Individual gene images recovered (magenta) using the autoencoding algorithm (left) or the segmentation based algorithm (right) are overlaid with direct measurement (green) of the genes in the same tissue sections (white: direct overlap). For segmentation-based decompression, the decompressed signal for each gene is projected uniformly over each segmentation mask. Scale bar: 500um. Representative fields of view were selected to highlight expression of indicated genes, while quantification of overlap (correlation) was calculated using all cells in a given tissue section, or using randomly selected testing cells (where indicated).

Extended Data Fig. 6. Evaluation of recovered signals before and after co-measurement adjustment.

(a,b) Adjustment improves recovered signals. Integrated signal intensity for each gene in each cell (individual dots) from direct measurements (x axis) and from estimates recovered by the autoencoder decompressed images (y axis) either before (a) and after (b) co-measurement correction. (c) Example correction. Segmented cell intensities before (left) and after (right) correction for two co-measured genes (Hmha1 and Slc17a7) that were not correlated in snRNA-Seq.

Extended Data Fig. 7. Evaluation based on genes per cell and cell clusters.

(a) Distribution of expression diversity (effective number of genes expressed per cell out of 37 total; y axis) in snRNA-Seq, or based on recovered expression levels using autoencoding or segmentation-based decompression (x axis). Mini boxplots depict median (center dots), inner quartiles (upper and lower bounds of box for 25^th and 75^th percentile), and 1.5x quartile range (minima and maxima of whiskers). (b) Correspondence (Pearson’s correlation of mean gene expression; color bar) between cell clusters from snRNA-Seq (rows) and those found from post hoc segmentation of images recovered using the autoencoding algorithm (columns). One marker gene for each cluster is indicated.

Extended Data Fig. 8. CISI recapitulates clusters and conditional probabilities from scRNA-Seq.

(a,b) Consistent identification of cell type specific gene programs in scRNA-Seq and CISI. The correlation coefficient (colorbar) between pairs of genes (row and column labels) in scRNA-Seq (a) and decompressed CISI measurements (b). Rows and columns are clustered. Gene clusters of cell type specific markers are labeled by the respective cell type. (c,d) Consistent cell type expression patterns for IEGs in scRNA-Seq is CISI. Conditional probability (colorbars) of IEGs (columns) in cells that express a given gene (rows) in scRNA-Seq (c) and decompressed CISI (d) data.

Extended Data Fig. 9. Gene-level correlation with validation measurements.

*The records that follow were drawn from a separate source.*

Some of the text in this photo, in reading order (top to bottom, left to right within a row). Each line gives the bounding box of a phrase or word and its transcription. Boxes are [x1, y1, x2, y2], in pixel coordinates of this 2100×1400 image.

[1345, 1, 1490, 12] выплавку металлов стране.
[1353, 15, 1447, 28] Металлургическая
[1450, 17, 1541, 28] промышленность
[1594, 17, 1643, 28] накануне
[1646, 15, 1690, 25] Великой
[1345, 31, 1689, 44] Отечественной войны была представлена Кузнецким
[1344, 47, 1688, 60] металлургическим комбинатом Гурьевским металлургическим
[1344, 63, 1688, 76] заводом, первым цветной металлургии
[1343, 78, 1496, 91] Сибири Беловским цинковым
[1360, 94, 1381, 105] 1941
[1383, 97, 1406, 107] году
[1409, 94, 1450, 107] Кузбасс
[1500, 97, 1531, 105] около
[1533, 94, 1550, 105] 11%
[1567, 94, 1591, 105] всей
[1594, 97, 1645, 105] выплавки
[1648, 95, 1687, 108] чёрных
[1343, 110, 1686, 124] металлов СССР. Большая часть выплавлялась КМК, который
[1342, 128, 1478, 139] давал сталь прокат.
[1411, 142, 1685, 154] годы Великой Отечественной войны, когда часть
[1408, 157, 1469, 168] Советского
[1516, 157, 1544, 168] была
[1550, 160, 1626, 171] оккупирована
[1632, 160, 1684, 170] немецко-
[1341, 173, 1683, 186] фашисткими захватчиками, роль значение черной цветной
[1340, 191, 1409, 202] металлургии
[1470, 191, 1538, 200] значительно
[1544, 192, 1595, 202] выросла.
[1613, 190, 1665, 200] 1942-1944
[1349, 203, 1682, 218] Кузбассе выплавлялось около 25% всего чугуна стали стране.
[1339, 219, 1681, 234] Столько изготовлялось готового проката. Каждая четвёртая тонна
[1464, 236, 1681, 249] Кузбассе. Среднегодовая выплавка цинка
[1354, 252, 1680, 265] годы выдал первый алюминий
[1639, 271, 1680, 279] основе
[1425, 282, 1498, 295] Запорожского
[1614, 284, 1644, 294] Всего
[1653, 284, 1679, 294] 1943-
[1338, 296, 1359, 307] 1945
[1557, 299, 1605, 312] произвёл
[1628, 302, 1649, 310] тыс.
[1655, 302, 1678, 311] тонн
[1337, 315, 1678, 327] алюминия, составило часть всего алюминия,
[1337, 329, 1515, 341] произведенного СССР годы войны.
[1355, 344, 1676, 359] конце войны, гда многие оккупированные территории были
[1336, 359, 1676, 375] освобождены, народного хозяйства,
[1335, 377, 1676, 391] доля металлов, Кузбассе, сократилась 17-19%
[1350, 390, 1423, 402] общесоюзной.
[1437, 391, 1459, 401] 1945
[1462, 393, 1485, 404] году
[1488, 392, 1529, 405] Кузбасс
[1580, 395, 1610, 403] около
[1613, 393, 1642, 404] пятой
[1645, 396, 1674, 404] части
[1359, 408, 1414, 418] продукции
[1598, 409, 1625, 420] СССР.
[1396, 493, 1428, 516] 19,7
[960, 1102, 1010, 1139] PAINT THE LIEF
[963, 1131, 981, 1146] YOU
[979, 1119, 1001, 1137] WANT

For each gene (individual dots) validated in each tissue (colors) the correlation across all segmented cells (y-axis) between values recovered by CISI and directly measured values is plotted vs the average expression level (TPM) in cells expressing the gene in scRNA-Seq (x-axis, left), or the percentage of cells expressing the gene (x-axis, right). Individual data points labeled by gene are provided in Supplementary Table 10.